■ **TASK DESCRIPTION**: Below are the records; give again exactly the line with "Some of the words", the line with "this 1600×1067 image.", and each line that lies between them, and nothing besides.

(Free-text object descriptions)
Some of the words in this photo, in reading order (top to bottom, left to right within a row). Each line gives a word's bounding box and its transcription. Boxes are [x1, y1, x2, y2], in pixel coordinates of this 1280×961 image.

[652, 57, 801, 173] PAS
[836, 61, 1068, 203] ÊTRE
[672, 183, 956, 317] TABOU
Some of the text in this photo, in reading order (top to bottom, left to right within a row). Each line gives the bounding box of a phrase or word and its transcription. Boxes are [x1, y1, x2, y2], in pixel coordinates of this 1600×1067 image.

--

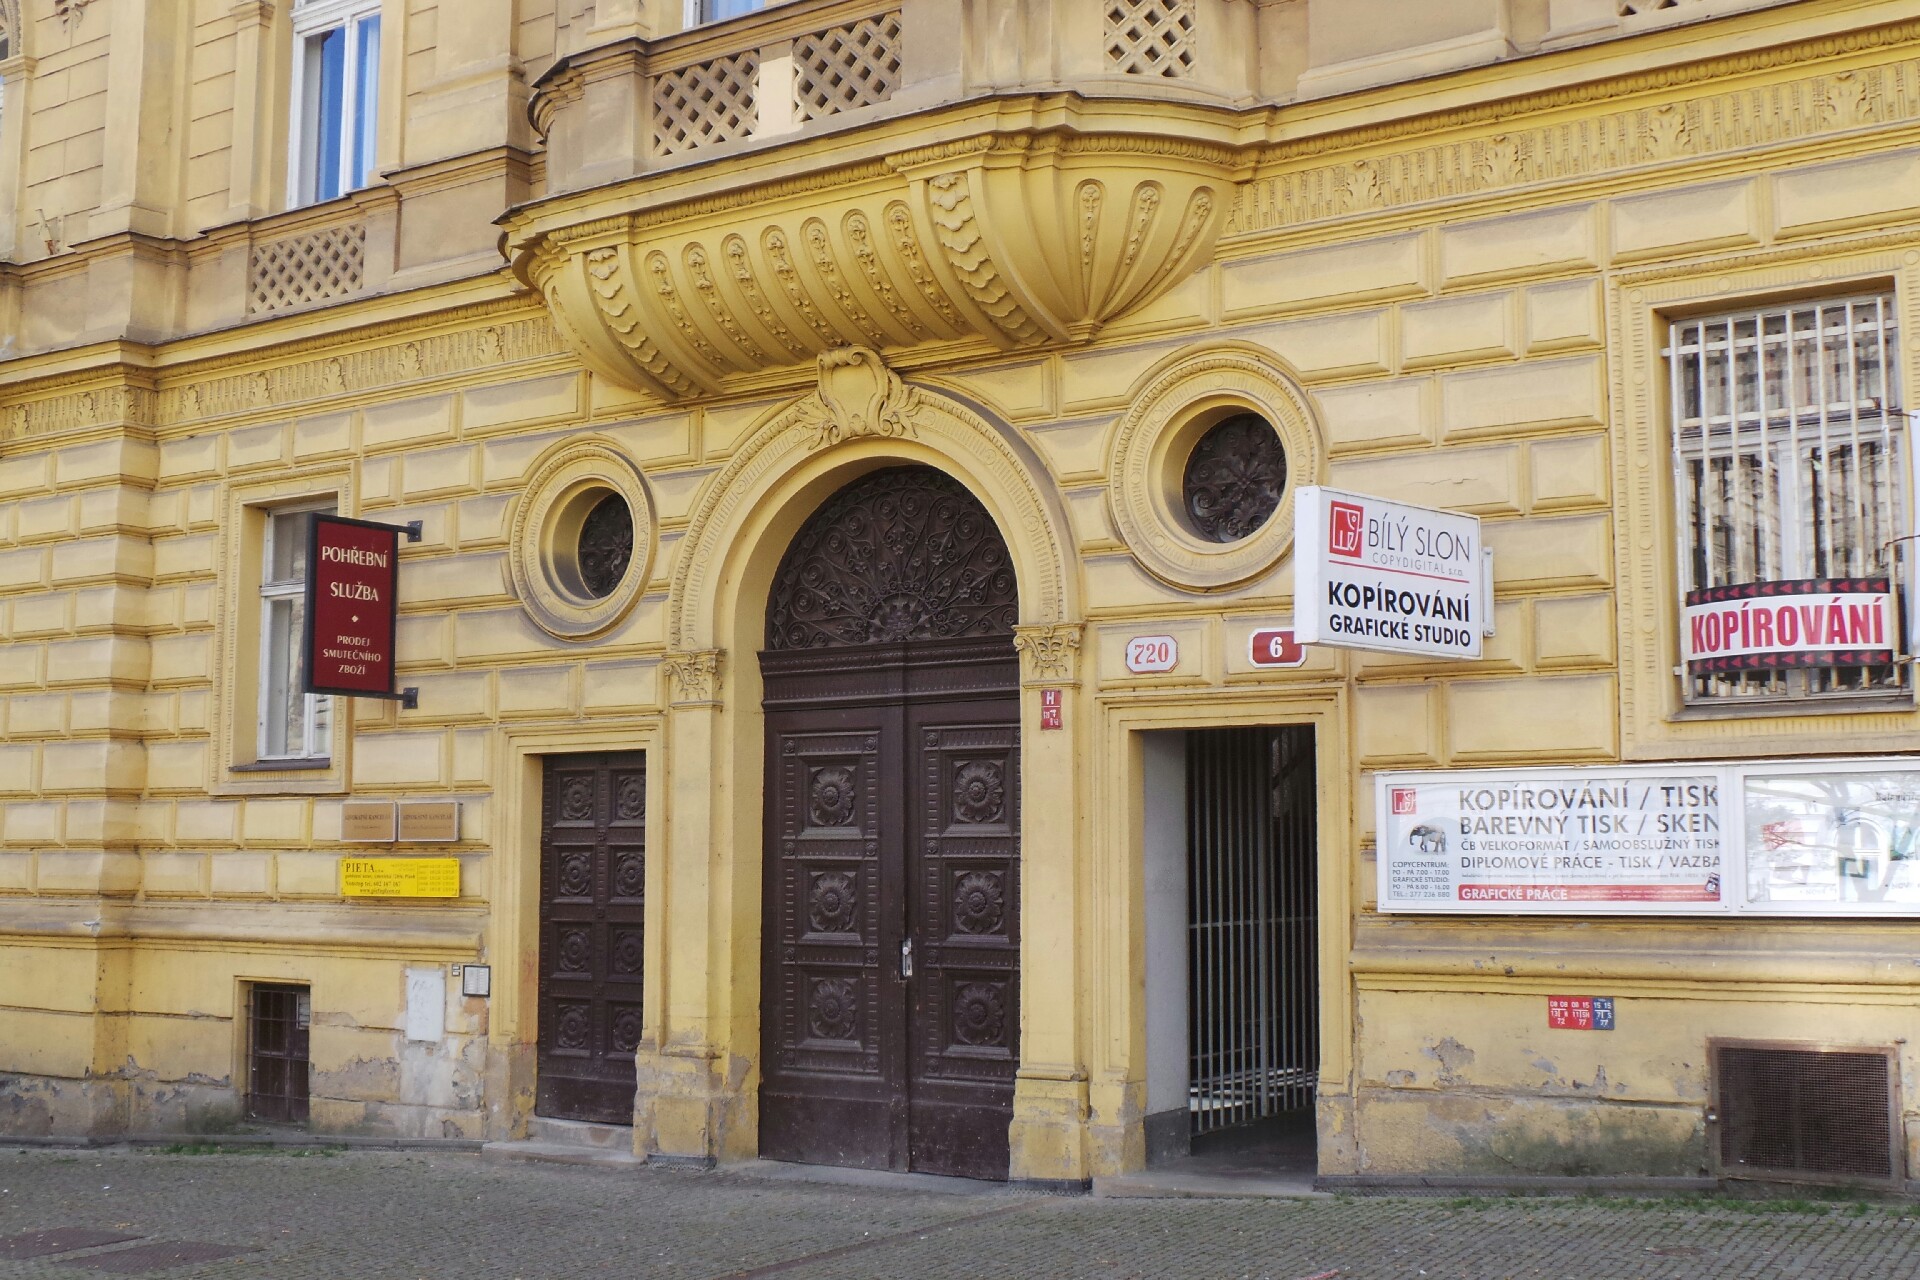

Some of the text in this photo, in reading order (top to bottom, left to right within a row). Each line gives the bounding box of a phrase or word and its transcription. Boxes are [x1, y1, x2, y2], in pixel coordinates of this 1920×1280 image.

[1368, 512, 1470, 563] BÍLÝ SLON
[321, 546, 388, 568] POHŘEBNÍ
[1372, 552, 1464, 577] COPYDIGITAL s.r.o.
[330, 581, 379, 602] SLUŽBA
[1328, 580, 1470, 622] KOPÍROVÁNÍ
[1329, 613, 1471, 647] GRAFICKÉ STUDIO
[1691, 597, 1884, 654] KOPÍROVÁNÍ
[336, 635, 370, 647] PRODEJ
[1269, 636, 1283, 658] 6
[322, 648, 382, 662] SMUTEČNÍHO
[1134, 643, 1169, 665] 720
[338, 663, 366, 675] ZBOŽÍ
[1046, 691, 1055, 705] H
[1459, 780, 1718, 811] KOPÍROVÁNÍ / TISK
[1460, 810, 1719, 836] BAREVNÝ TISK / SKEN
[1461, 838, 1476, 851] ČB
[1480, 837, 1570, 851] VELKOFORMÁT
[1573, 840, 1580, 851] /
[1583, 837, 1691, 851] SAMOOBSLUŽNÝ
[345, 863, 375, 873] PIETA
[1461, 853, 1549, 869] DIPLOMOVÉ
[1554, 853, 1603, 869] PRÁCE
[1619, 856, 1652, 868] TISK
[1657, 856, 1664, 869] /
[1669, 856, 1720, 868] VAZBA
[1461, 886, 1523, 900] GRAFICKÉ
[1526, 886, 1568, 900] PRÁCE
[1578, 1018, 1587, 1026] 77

■ **SOLUTION**:
Some of the words in this photo, in reading order (top to bottom, left to right within a row). Each line gives a word's bounding box and its transcription. Boxes are [x1, y1, x2, y2], in pixel coordinates of this 1280×961 image.

[652, 57, 801, 173] PAS
[836, 61, 1068, 203] ÊTRE
[672, 183, 956, 317] TABOU
Some of the text in this photo, in reading order (top to bottom, left to right within a row). Each line gives the bounding box of a phrase or word and its transcription. Boxes are [x1, y1, x2, y2], in pixel coordinates of this 1600×1067 image.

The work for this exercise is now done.